Menurut Kyai Tholchah, setidaknya ada 5 faktor yang perlu dicermati dalam merespon problem pendidikan PAI, yaitu, Pertama, faktor guru agama dan kompetensinya. Problem penguasaan materi ajar guru PAI masih sangat terbatas. Kedua, faktor habituasi yang kurang mendukung. Ketiga, kelangkaan figur teladan, dan Keempat, lemahnya pembinaan.
“Guru agama juga lebih mencerminkan dirinya sebatas sebagai pendidik professional, tidak bisa menjadi pendakwah yang bertanggungjawab terhadap pendidikan spiritual. Kompetensi leadership guru agama lemah,” katanya seperti dikutip laman Kemenag.
Padahal, menurut Kyai Tholchah, di luar kompetensi pendidik yang diatur dalam PP 19/2005 tentang Standar Nasional Pendidikan, khusus guru agama, harus ada 2 kompetensi yang dikuasai, yaitu: leadership dan spiritual. Akibat dari semua ini adalah pendidikan agama di sekolah terasa kering.
Dikatakan dia, guru agama kurang menggunakan soft-skill secara kreatif sehingga sulit dalam membentuk lingkungan keagamaan yang mendukung. Selain itu, apresiasi dan dukungan komunitas sekolah juga sering kurang memadai. Akibatnya fasilitas dan sarana pembejaran PAI sangat terbatas.
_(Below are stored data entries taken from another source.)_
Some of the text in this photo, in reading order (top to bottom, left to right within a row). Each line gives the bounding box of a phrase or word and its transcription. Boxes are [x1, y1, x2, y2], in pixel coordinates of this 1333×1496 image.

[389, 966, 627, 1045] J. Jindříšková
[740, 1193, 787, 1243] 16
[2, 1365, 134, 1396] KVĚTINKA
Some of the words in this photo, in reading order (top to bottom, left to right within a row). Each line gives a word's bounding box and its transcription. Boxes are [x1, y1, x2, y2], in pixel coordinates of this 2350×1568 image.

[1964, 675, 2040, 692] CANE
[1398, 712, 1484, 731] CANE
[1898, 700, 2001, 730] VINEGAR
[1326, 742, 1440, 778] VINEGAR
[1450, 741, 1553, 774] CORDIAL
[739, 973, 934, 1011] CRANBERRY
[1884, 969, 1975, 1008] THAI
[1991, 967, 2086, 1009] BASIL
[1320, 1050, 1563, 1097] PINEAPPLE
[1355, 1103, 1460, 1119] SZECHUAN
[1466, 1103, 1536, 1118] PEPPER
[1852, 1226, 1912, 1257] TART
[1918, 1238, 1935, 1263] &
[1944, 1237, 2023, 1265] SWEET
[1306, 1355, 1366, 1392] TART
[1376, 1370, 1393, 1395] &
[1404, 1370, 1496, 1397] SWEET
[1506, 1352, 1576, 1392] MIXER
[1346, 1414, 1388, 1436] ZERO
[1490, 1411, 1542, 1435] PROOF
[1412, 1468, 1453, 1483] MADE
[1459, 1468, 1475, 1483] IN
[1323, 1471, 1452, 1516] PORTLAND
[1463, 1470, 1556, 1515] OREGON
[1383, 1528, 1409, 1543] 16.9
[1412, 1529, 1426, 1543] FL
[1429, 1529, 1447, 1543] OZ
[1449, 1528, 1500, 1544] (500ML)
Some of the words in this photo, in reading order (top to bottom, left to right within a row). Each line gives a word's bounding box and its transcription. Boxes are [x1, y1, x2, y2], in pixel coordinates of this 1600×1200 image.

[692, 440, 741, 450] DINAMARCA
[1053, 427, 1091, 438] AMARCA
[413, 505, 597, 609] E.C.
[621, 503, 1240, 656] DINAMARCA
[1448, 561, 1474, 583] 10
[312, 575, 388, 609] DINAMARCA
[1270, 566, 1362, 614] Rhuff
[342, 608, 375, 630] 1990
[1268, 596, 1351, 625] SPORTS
Pendidikan agama dan pembentukan karakter luhur, membutuhkan figur keteladanan (uswah hasanah). Tanpa itu, pendidikan agama akan kering dan hambar. Sayangnya, keteladanan justru mulai langka di sekolah. Guru agama bahkan tidak mampu menjadi teladan di sekolahnya. Banyak guru agama yang minder di sekolahnya, dan merasa lebih rendah di banding guru lain, jelas Kyai Tholchah.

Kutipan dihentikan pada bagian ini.